> RECORDS TO USE:
=-=-=-=-=
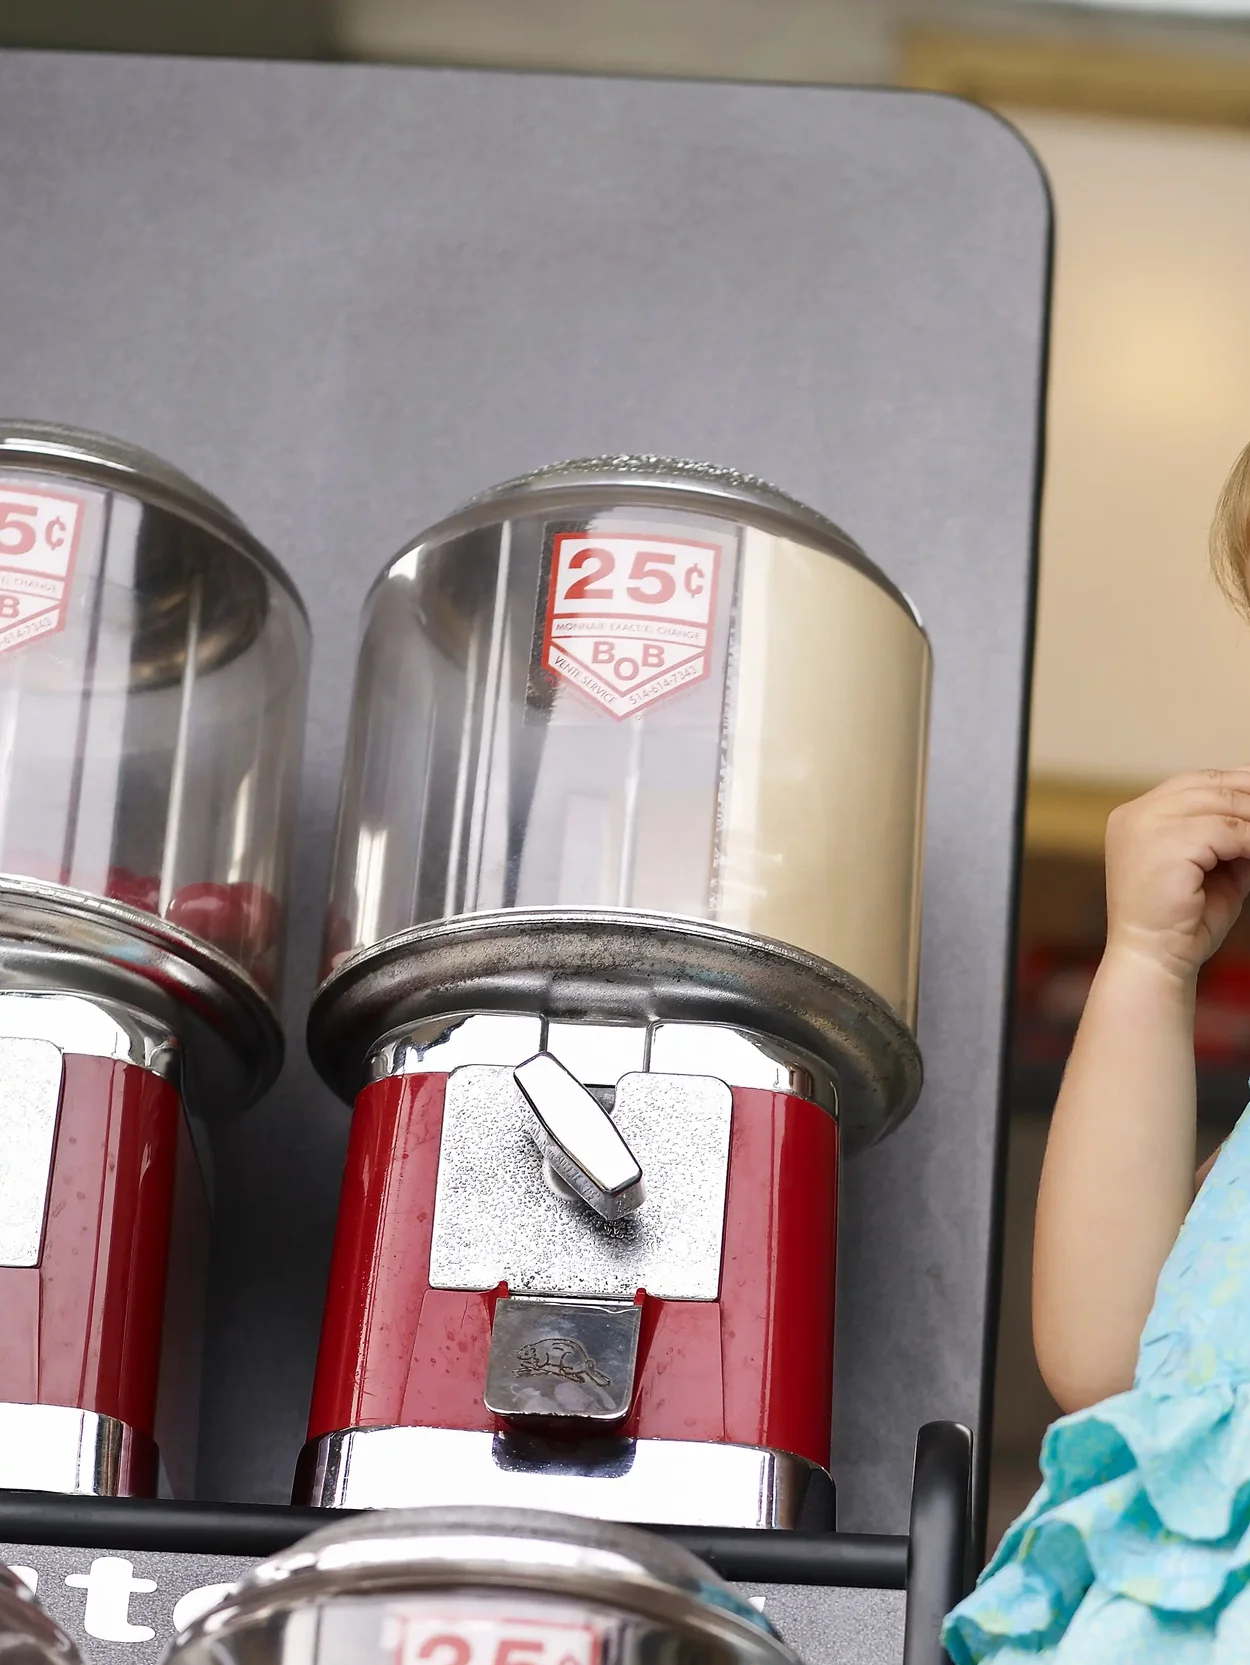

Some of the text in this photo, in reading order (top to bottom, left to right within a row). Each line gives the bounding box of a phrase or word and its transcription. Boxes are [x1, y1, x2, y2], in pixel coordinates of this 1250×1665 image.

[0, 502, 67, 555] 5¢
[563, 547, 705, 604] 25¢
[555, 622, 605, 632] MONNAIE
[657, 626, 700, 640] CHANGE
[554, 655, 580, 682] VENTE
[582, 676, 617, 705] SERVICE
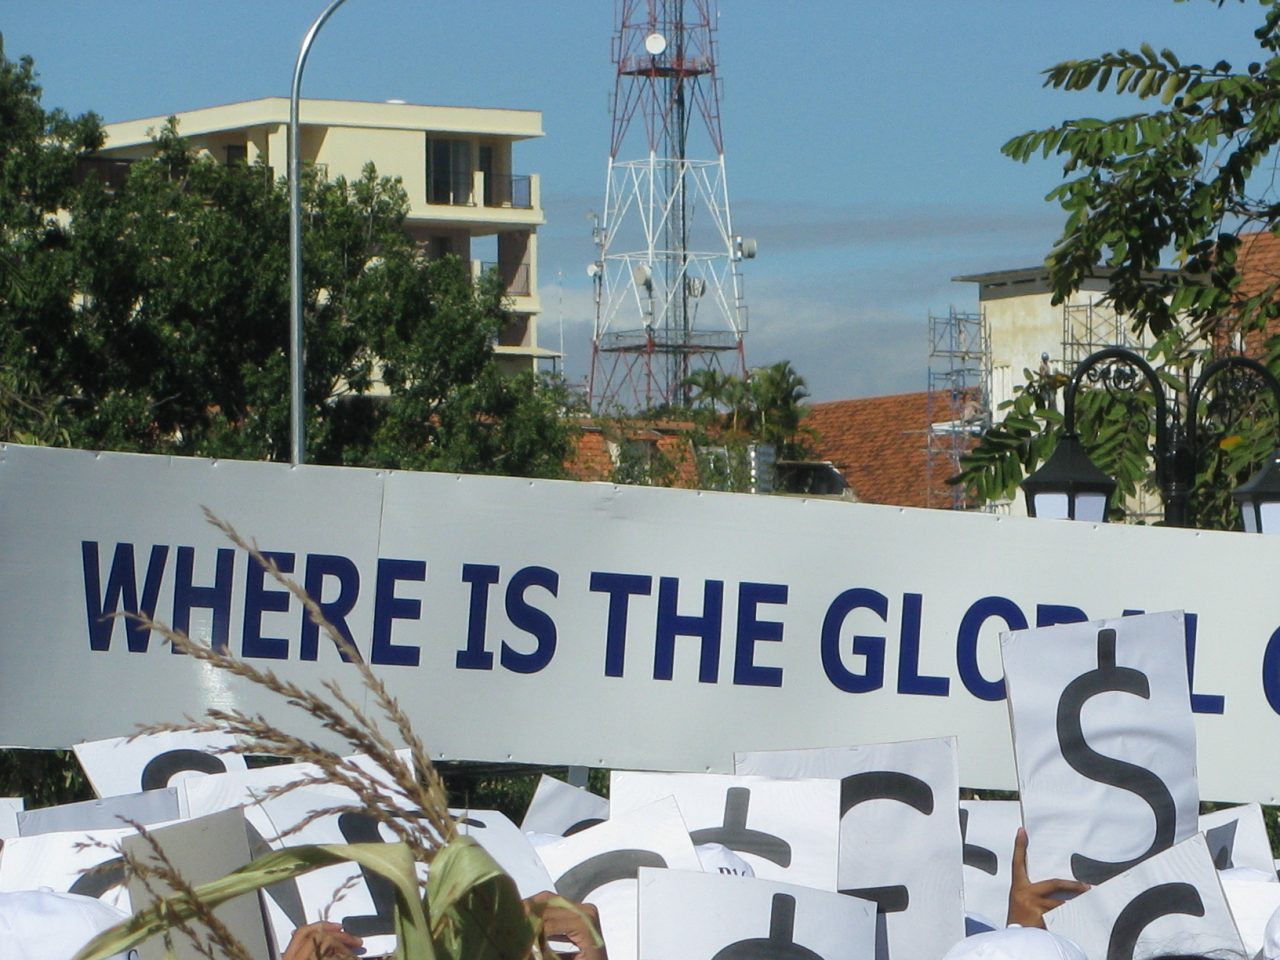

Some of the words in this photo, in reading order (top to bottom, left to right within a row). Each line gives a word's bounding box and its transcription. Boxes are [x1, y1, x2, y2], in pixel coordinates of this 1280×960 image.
=-=-=-=-=
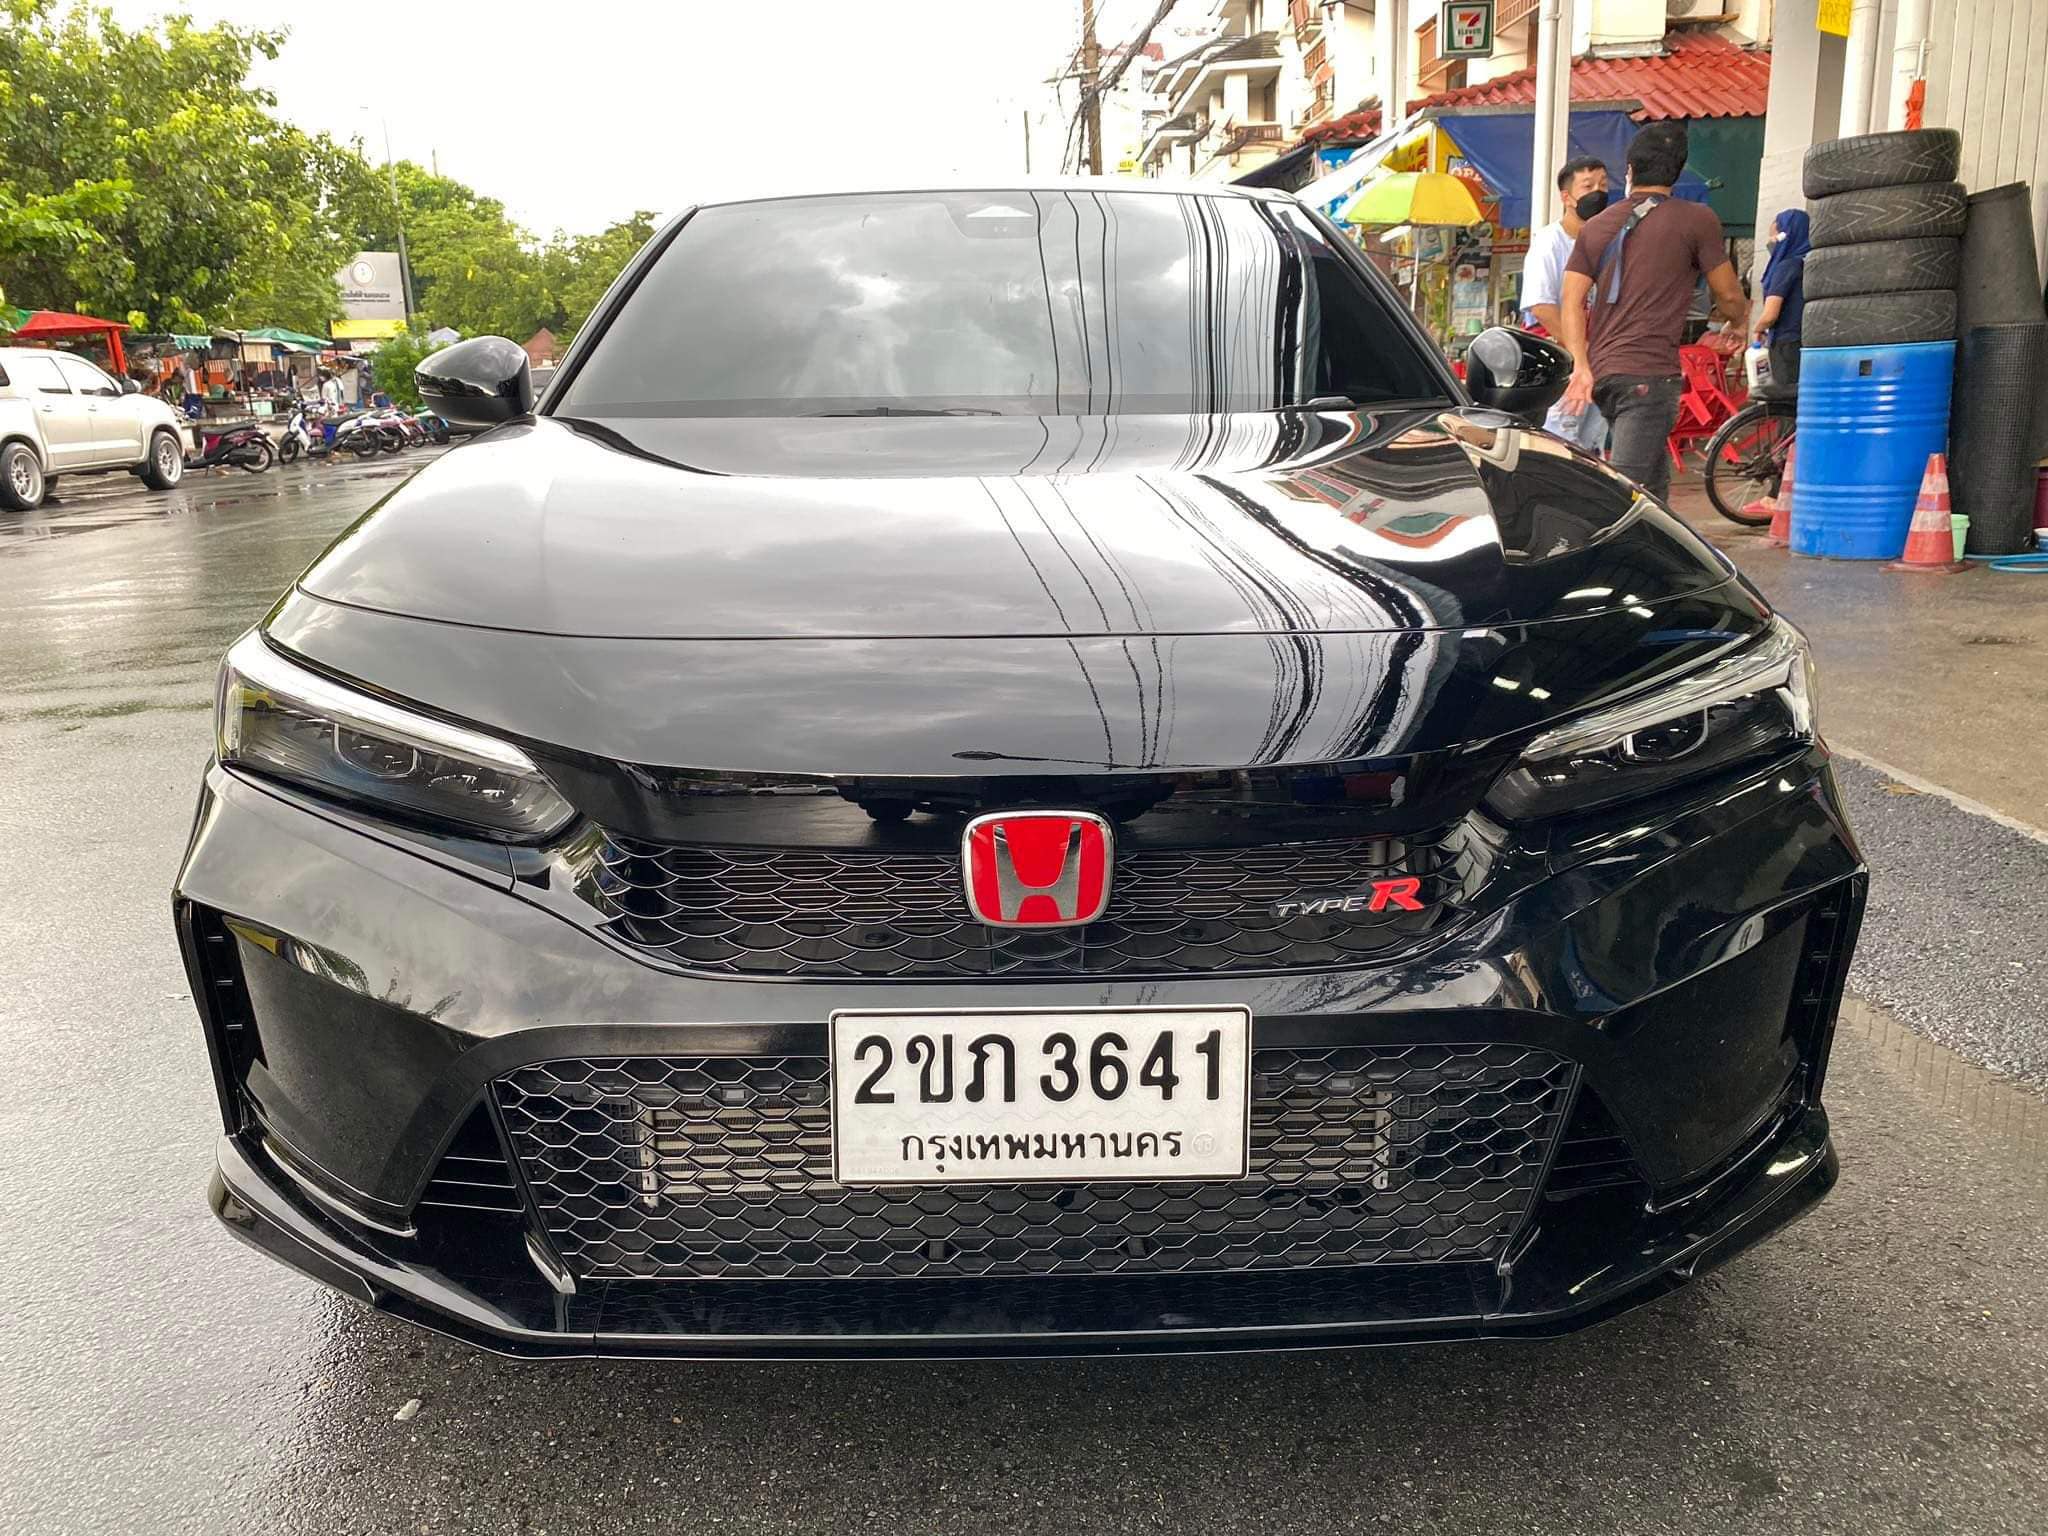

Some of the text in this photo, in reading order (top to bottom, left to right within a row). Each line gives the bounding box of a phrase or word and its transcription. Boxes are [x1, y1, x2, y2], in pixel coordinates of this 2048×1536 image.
=-=-=-=-=
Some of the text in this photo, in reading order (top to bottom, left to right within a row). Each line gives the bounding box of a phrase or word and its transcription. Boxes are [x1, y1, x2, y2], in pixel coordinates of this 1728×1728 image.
=-=-=-=-=
> BRIEF: Above are the records; restate exactly the lines from the one containing "this 1250×1665 image." through the one containing "Some of the words", keeping pictures out.

> RESPONSE TO THIS EXERCISE:
Some of the text in this photo, in reading order (top to bottom, left to right within a row). Each line gives the bounding box of a phrase or word and its transcription. Boxes are [x1, y1, x2, y2], in pixel coordinates of this 1250×1665 image.

[0, 502, 67, 555] 5¢
[563, 547, 705, 604] 25¢
[555, 622, 605, 632] MONNAIE
[657, 626, 700, 640] CHANGE
[554, 655, 580, 682] VENTE
[582, 676, 617, 705] SERVICE

Some of the words in this photo, in reading order (top to bottom, left to right within a row). Each line gives a word's bounding box and its transcription. Boxes are [x1, y1, x2, y2], in pixel coordinates of this 1280×960 image.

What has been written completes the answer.